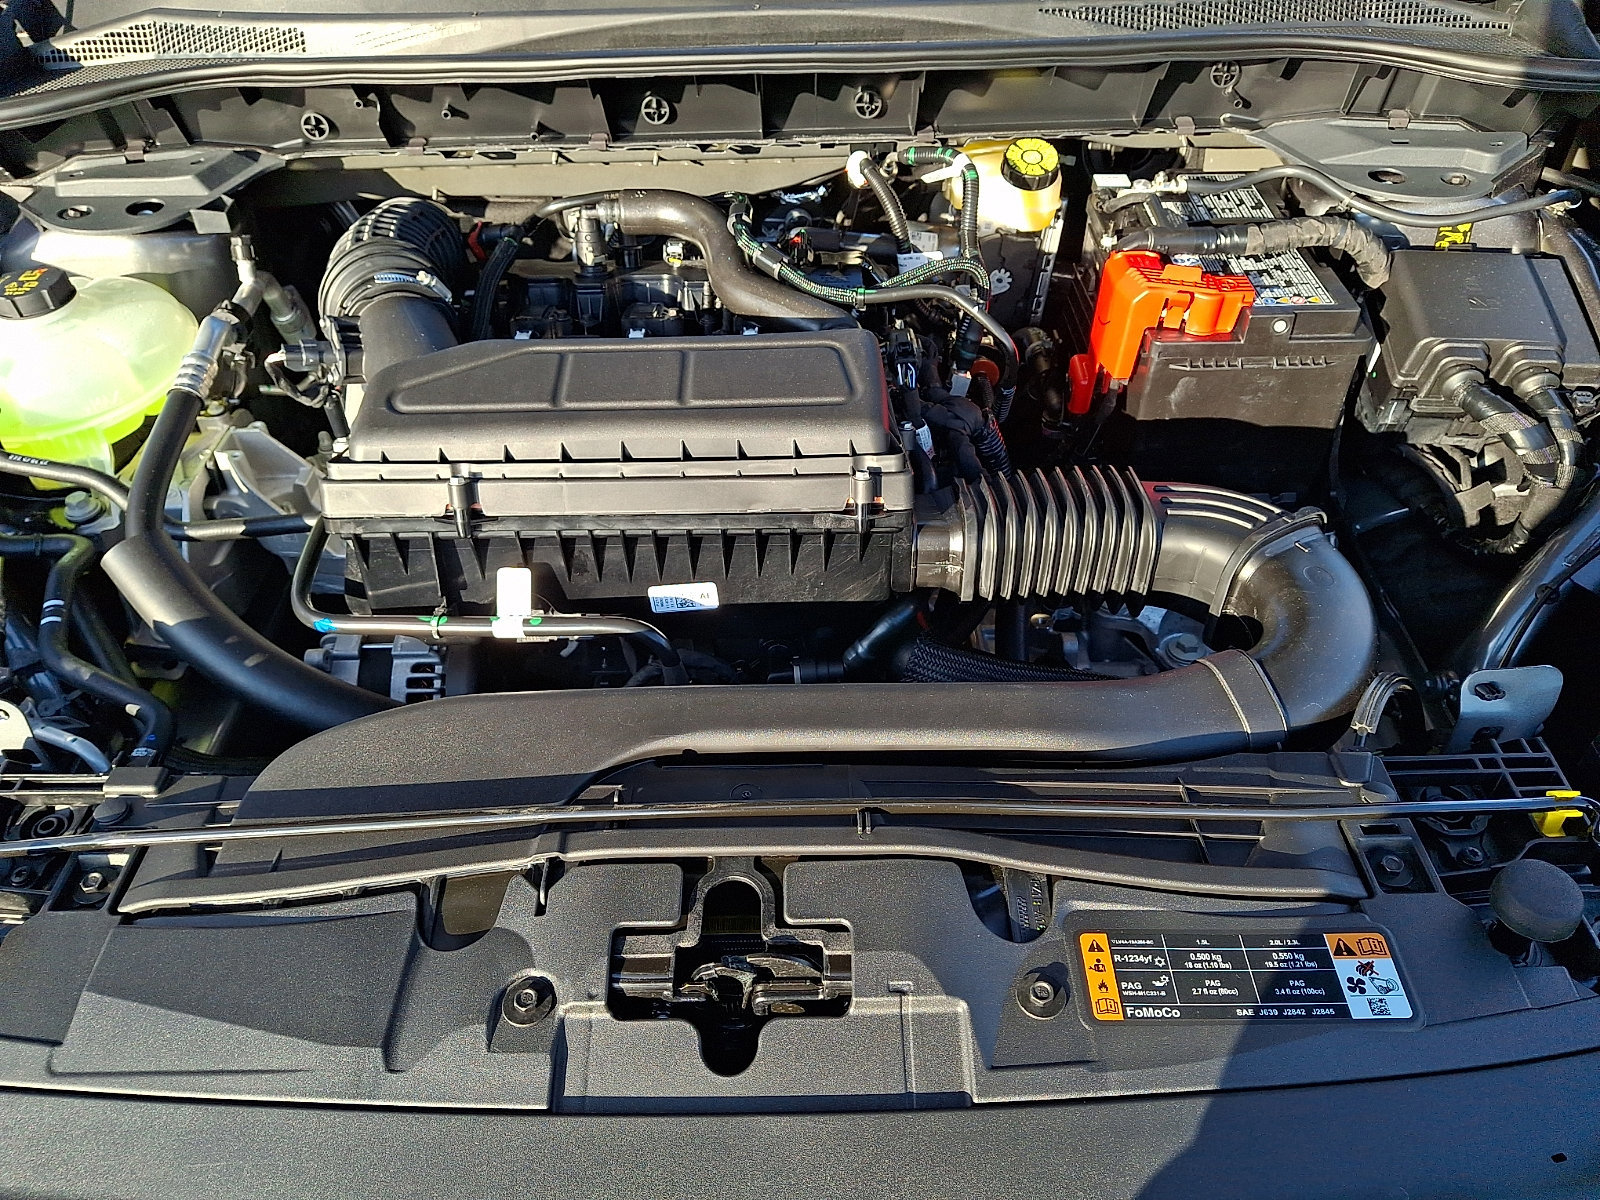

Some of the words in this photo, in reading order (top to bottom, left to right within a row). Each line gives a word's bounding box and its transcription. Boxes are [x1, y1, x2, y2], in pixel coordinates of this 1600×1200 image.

[1114, 954, 1153, 964] R-1234yf
[1189, 952, 1210, 960] 0.500
[1211, 953, 1222, 962] kg
[1272, 952, 1293, 960] 0.550
[1294, 952, 1304, 961] kg
[1203, 961, 1218, 969] (1.10
[1219, 961, 1232, 970] lbs)
[1288, 961, 1303, 969] (1.21
[1304, 961, 1318, 969] lbs)
[1121, 982, 1142, 990] PAG
[1301, 988, 1325, 996] (100cc)
[1126, 1006, 1181, 1018] FoMoCo
[1236, 1008, 1255, 1016] SAE
[1259, 1008, 1278, 1016] J639
[1282, 1008, 1306, 1016] J2842

.....

= Work task =
Please write out the entire listing above exactly, but leave the pictures out.

= Task solution =
Some of the words in this photo, in reading order (top to bottom, left to right within a row). Each line gives a word's bounding box and its transcription. Boxes are [x1, y1, x2, y2], in pixel coordinates of this 1600×1200 image.

[1114, 954, 1153, 964] R-1234yf
[1189, 952, 1210, 960] 0.500
[1211, 953, 1222, 962] kg
[1272, 952, 1293, 960] 0.550
[1294, 952, 1304, 961] kg
[1203, 961, 1218, 969] (1.10
[1219, 961, 1232, 970] lbs)
[1288, 961, 1303, 969] (1.21
[1304, 961, 1318, 969] lbs)
[1121, 982, 1142, 990] PAG
[1301, 988, 1325, 996] (100cc)
[1126, 1006, 1181, 1018] FoMoCo
[1236, 1008, 1255, 1016] SAE
[1259, 1008, 1278, 1016] J639
[1282, 1008, 1306, 1016] J2842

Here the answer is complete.